The Moral Basis of Capitalism

Lecture under the auspices of the Free Market Road Show by Professor Andrew Bernstein

The Moral Basis of Capitalism: This talk opens by doing what is rarely done in political discourse: It provides rigorous definitions of such key concepts as “capitalism,” socialism,” and “mixed economy.” On this foundation, it shows that capitalism, the system of individual rights, protects an individual’s right to his own life and, consequently, to his own mind. Because of this, it liberates human brain power to make life-giving advances in every field. Numerous examples are provided from America’s freest period, the late-19th century, the period Prof.
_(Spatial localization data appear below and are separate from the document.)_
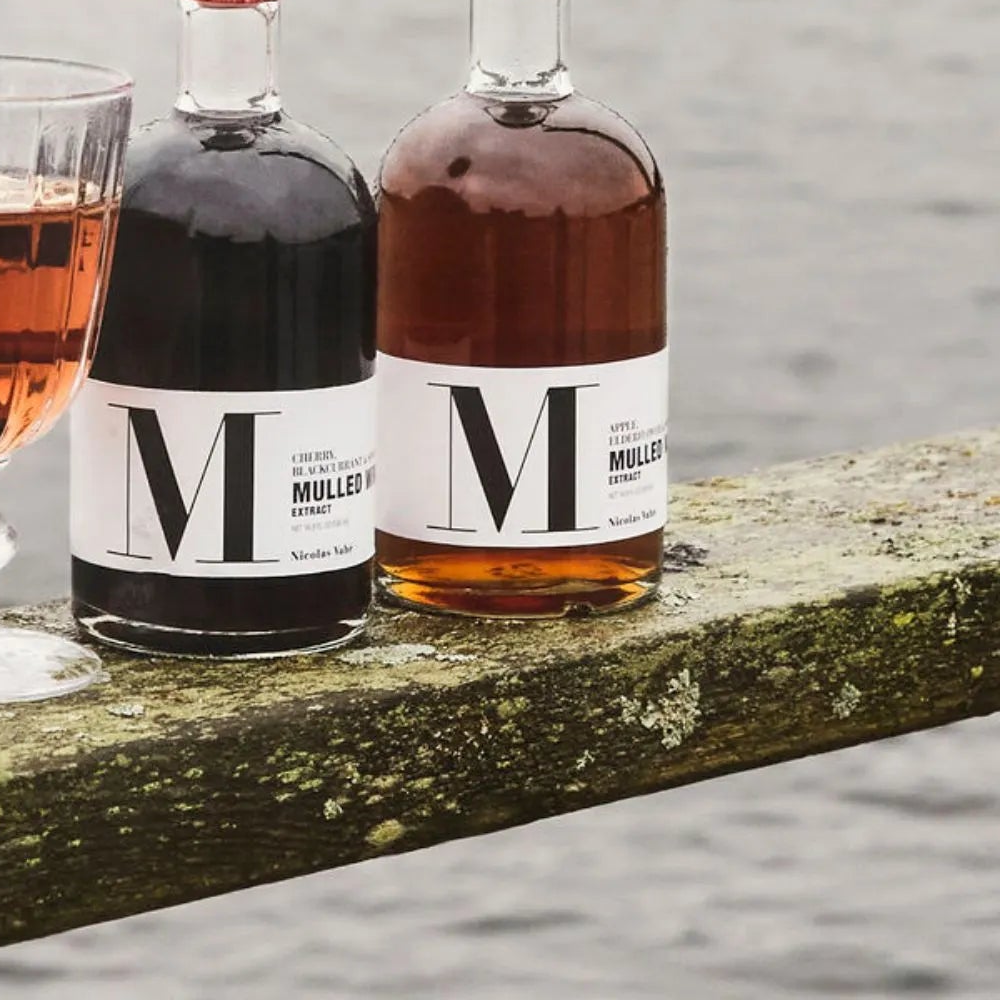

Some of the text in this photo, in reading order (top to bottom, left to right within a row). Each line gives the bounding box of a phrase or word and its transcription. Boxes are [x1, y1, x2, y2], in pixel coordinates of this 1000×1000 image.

[427, 382, 600, 534] M
[609, 439, 663, 472] MULLED
[107, 402, 282, 562] M
[292, 472, 362, 504] MULLED
[608, 471, 641, 485] EXTRACT
[291, 504, 332, 518] EXTRACT
[290, 548, 331, 561] Nicolas
Bernstein dubbed, in his book, “The Capitalist Manifesto,” the “Inventive Period.” Under full socialism, conversely, a person’s life is socialized; it belongs not to him but to society. It stands to reason that if his life belongs to the state, so does his mind—and the only “thinking” an individual can do is that permitted by the state; all else is banned. Cultural stagnation and collapse are thereby assured.

This talk was given, in the Fall of 2016, at numerous conferences sponsored by European Students For Liberty (ESFL). It is based on material from Andrew Bernstein. “The Capitalist Manifesto: The Historic, Economic, and Philosophic Case for Laissez-Faire” [University Press of America, 2005].